Stripling and Tobin have not carried their burden of proof insofar as their petition for the writ of mandamus relates to SouthTrust Securities and Bembry. We hold that they have met this burden as to SouthTrust Bank; as to that defendant, we grant the petition.



HOOPER, C.J., and MADDOX and SEE, JJ., concur in part and dissent in part.

MADDOX, Justice (concurring in part and dissenting in part).

The facts here are undisputed. G. Michael Stripling and Patricia S. Tobin sued South-Trust Bank, N.A., SouthTrust Securities, and Timothy Bembry, alleging that an agent of SouthTrust Bank had suggested to them that they consider not purchasing certificates of deposit, but investing in other securities, and had introduced them to Timothy Bembry, an employee of SouthTrust Securities, who with their money bought mutual funds, which they claim was contrary to their instructions. It is obvious that SouthTrust Bank was made a defendant because of its alleged participation in what plaintiffs allege caused them to be harmed.

Because the plaintiffs signed an agreement to arbitrate, the trial judge compelled them to do so. I think he was correct.

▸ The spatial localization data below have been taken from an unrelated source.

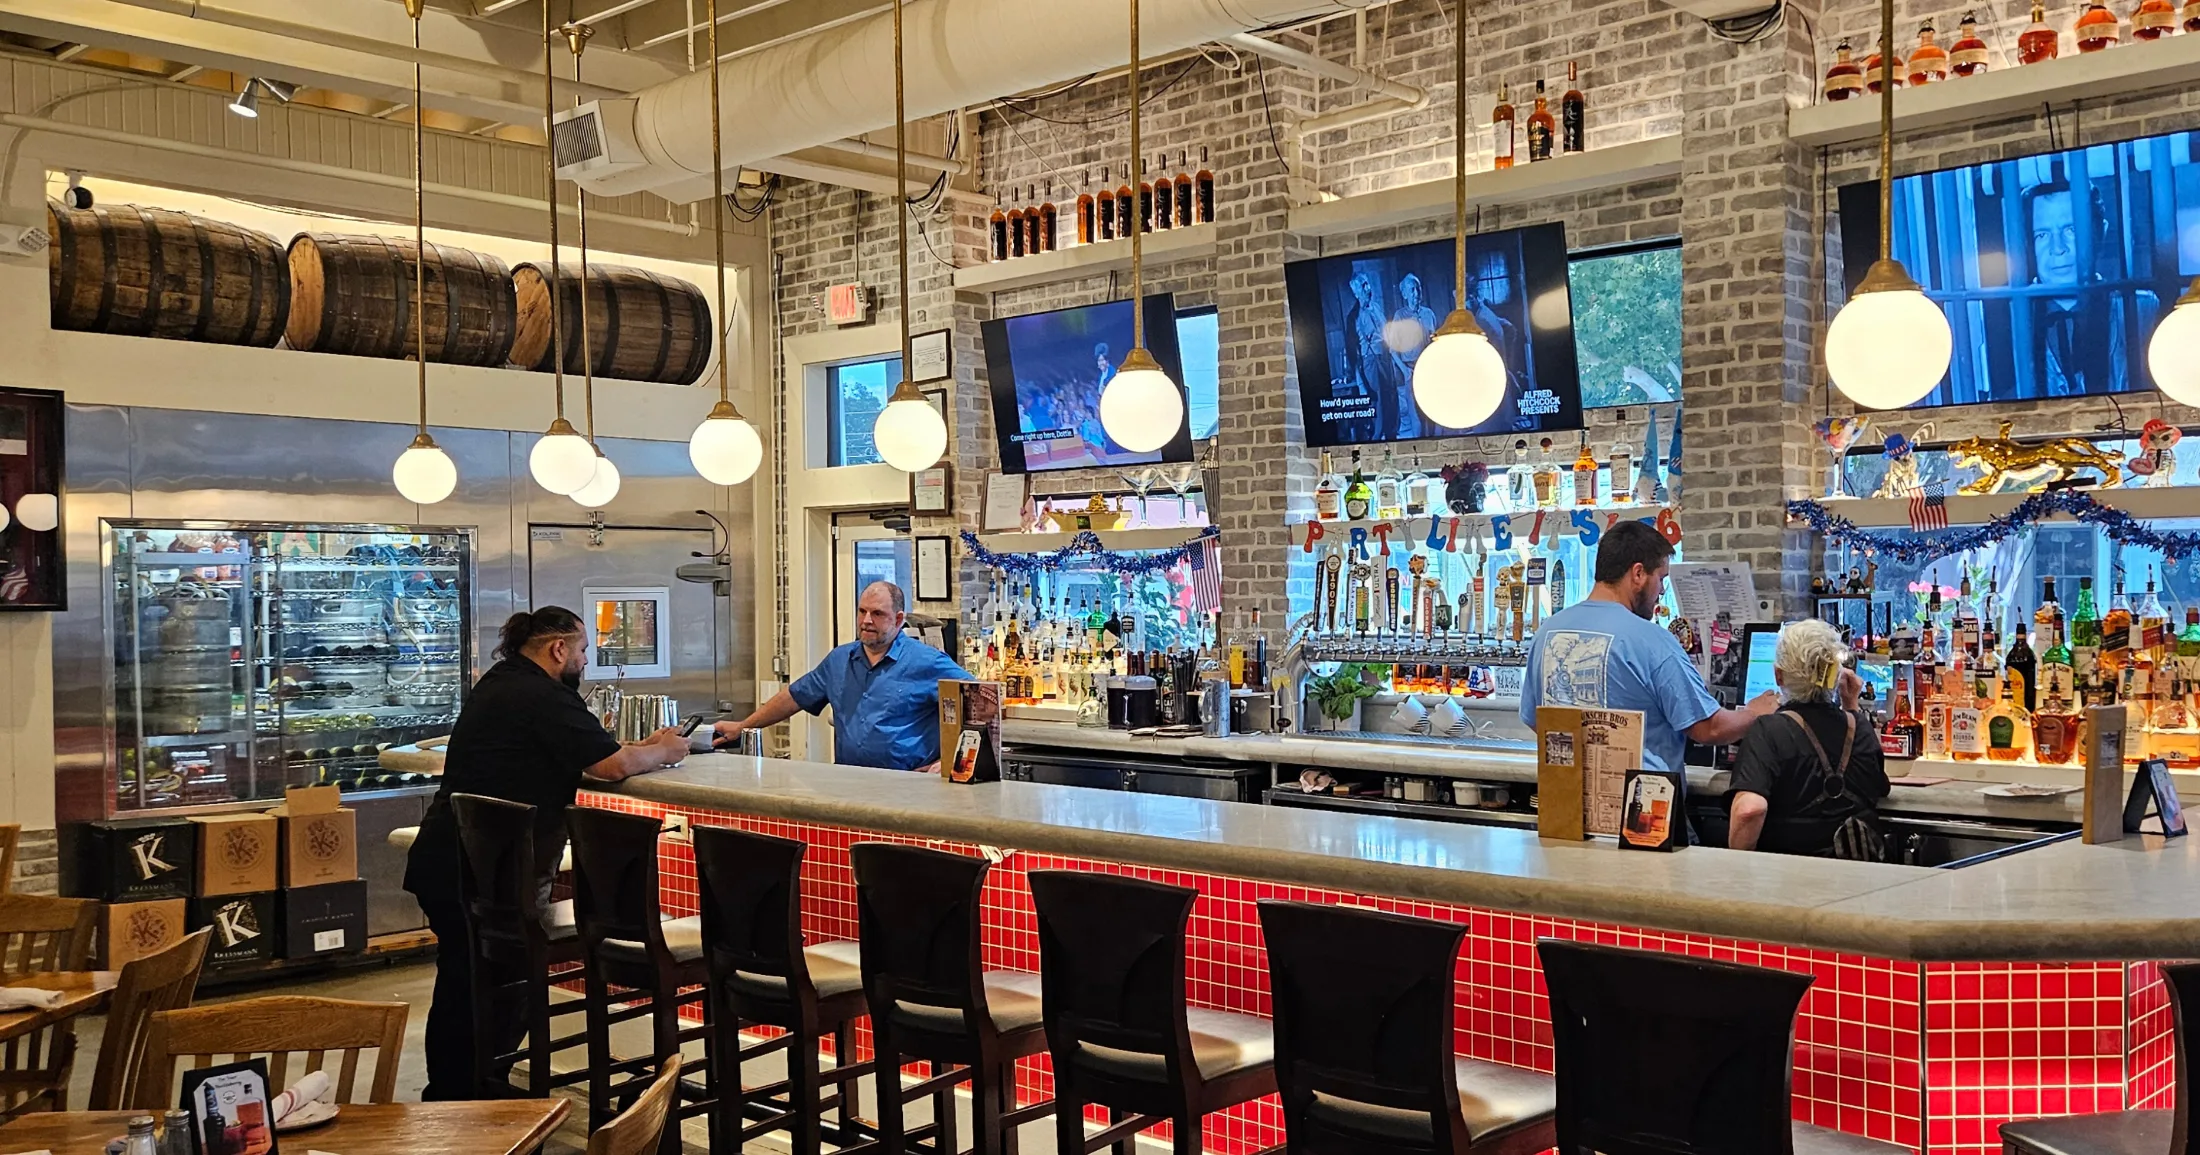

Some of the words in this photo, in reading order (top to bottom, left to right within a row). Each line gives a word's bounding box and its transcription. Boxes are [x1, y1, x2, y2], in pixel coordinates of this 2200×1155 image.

[1524, 389, 1552, 399] ALFRED
[1320, 398, 1341, 408] How'd
[1341, 399, 1354, 408] you
[1354, 397, 1370, 406] ever
[1518, 396, 1561, 408] HITCHCOCK
[1322, 411, 1334, 422] get
[1334, 411, 1343, 419] on
[1344, 410, 1355, 418] our
[1356, 408, 1376, 418] road?
[1520, 404, 1559, 415] PRESENTS
[1010, 434, 1024, 442] Come
[1025, 433, 1037, 442] right
[1426, 514, 1511, 554] LIKE
[1551, 580, 1560, 608] KONA
[1610, 711, 1628, 727] BROS
[1952, 713, 1961, 723] JIM
[1960, 712, 1977, 723] BEAM
[132, 836, 178, 880] K
[216, 904, 261, 948] K
[213, 947, 258, 959] KRESSMANN

The Court disagrees and holds that South-Trust Bank, as a nonsignatory to the agreement, cannot be compelled to arbitrate. The issue here is whether SouthTrust Bank must be a signatory to a contract in order for the provisions of the Federal Arbitration Act to apply to it.[2]

Federal courts have addressed this issue and have held, based upon the theory of estoppel, that "[a] signatory was bound to arbitrate with a nonsignatory at the nonsignatory's insistence because of the `close relationship between the entities involved, as well as the relationship of the alleged wrongs to the nonsignatory's obligations and duties in the contract ... and [the fact that] the claims were `intimately founded in and intertwined with the underlying contract obligations.' "Thomson-CSF, S.A. v. American Arbitration Association, 64 F.3d 773, 779 (2d Cir.1995); see also Sunkist Soft Drinks, Inc. v. Sunkist Growers, Inc., 10 F.3d 753, 757 (11th Cir.1993), cert. denied, 513 U.S. 869, 115 S. Ct. 190, 130 L. Ed. 2d 123 (1994); McBro Planning & Dev. Co. v. Triangle Elec. Constr. Co., 741 F.2d 342, 344 (11th Cir.1984); J.J. Ryan & Sons, Inc. v. Rhone Poulenc Textile, S.A., 863 F.2d 315, 320-21 (4th Cir.1988) (cited in my dissent in Ex parte Jones, 686 So. 2d 1166 (Ala.1996)).

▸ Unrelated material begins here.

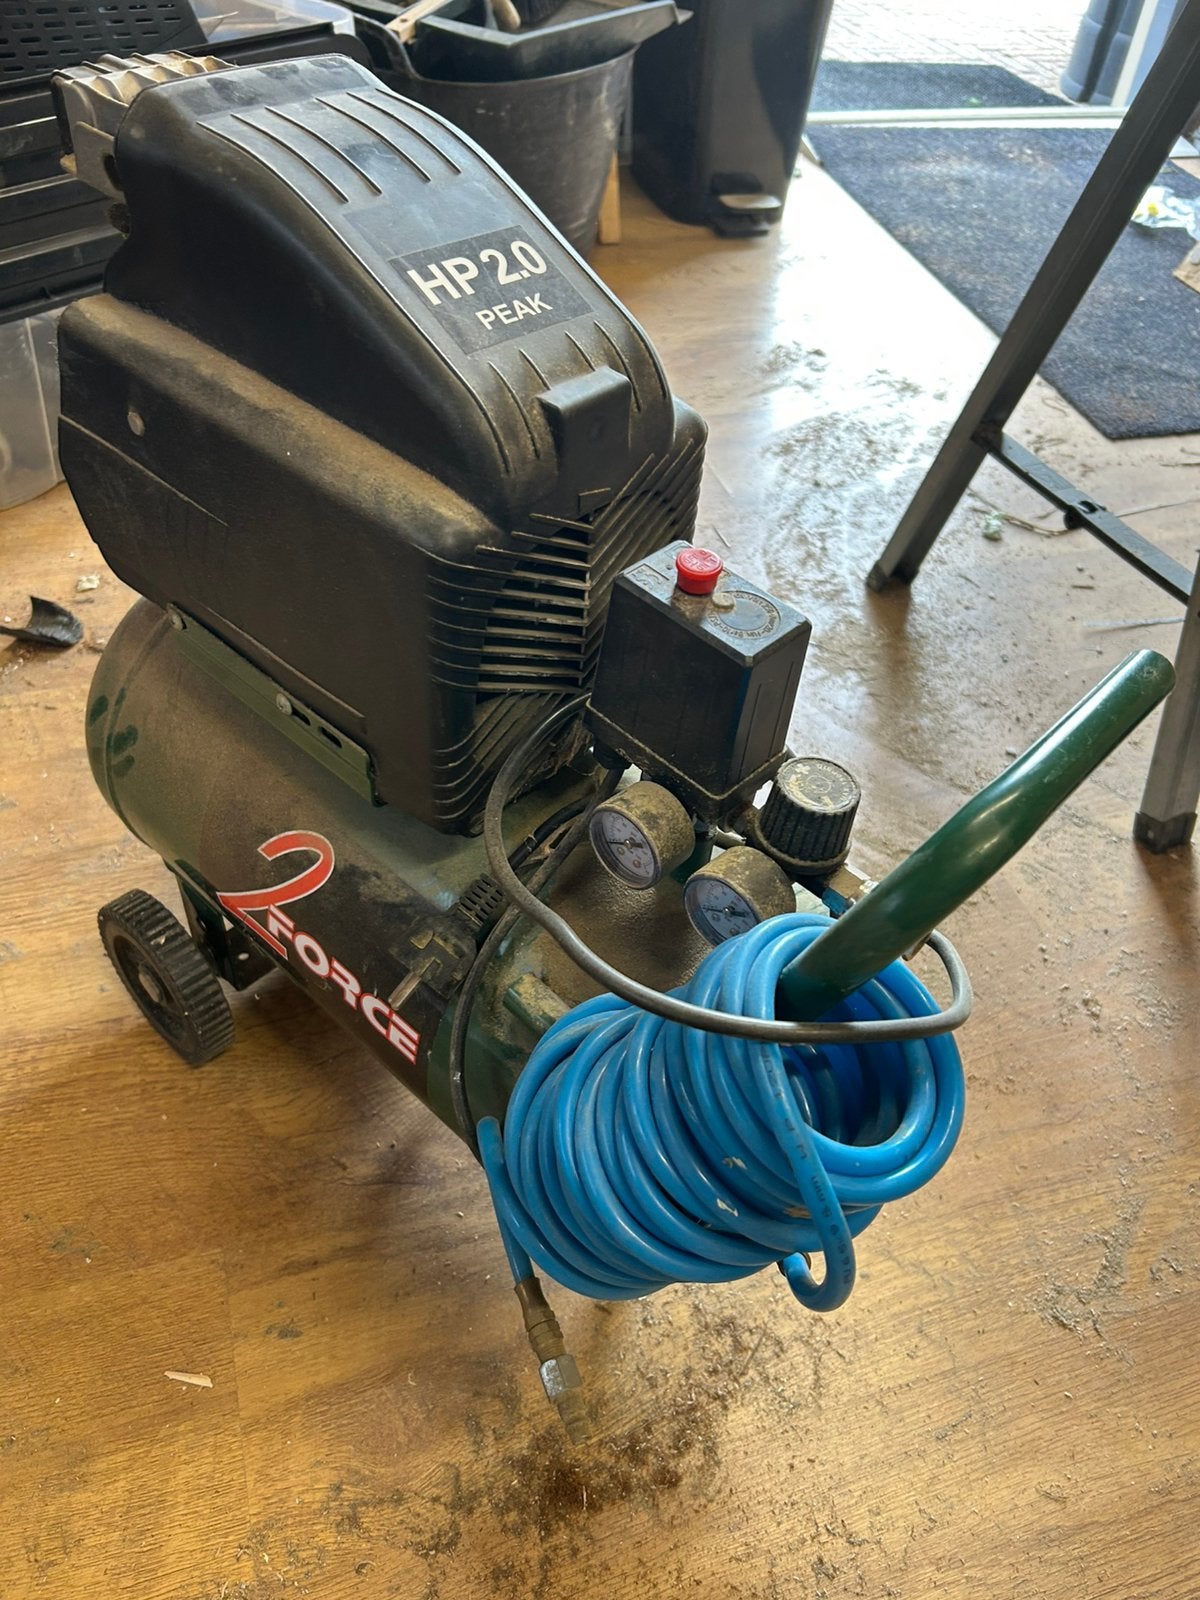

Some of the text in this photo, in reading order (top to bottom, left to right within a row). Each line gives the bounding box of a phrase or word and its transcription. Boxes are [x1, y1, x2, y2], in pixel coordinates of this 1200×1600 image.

[406, 240, 548, 306] HP 2.0
[475, 292, 553, 331] PEAK
[216, 829, 421, 1066] 2 FORCE

There was a close relationship between Stripling, Tobin, and SouthTrust Bank. Stripling and Tobin alleged against each defendant improper acts concerning the purchase of mutual fund securities. Clearly, any alleged improper conduct on the part of South-Trust Bank, which the Court says was a "principal" of SouthTrust securities, was "intimately founded in and intertwined with the underlying contract obligations"; otherwise, why were these defendants jointly sued?

Based on the foregoing, I must respectfully dissent from that portion of the opinion holding that the petitioners cannot be compelled to arbitrate their claims against South-Trust Bank. Otherwise, I concur.

HOOPER, C.J., and SEE, J., concur.


[1] They state: "At all relevant times, Mr. Bembry was an employee and/or agent of SouthTrust Securities and was acting within the line and scope of his employment."

[2] I do not think so. I addressed this same question in a dissenting opinion in Ex parte Jones, 686 So. 2d 1166 (Ala.1996).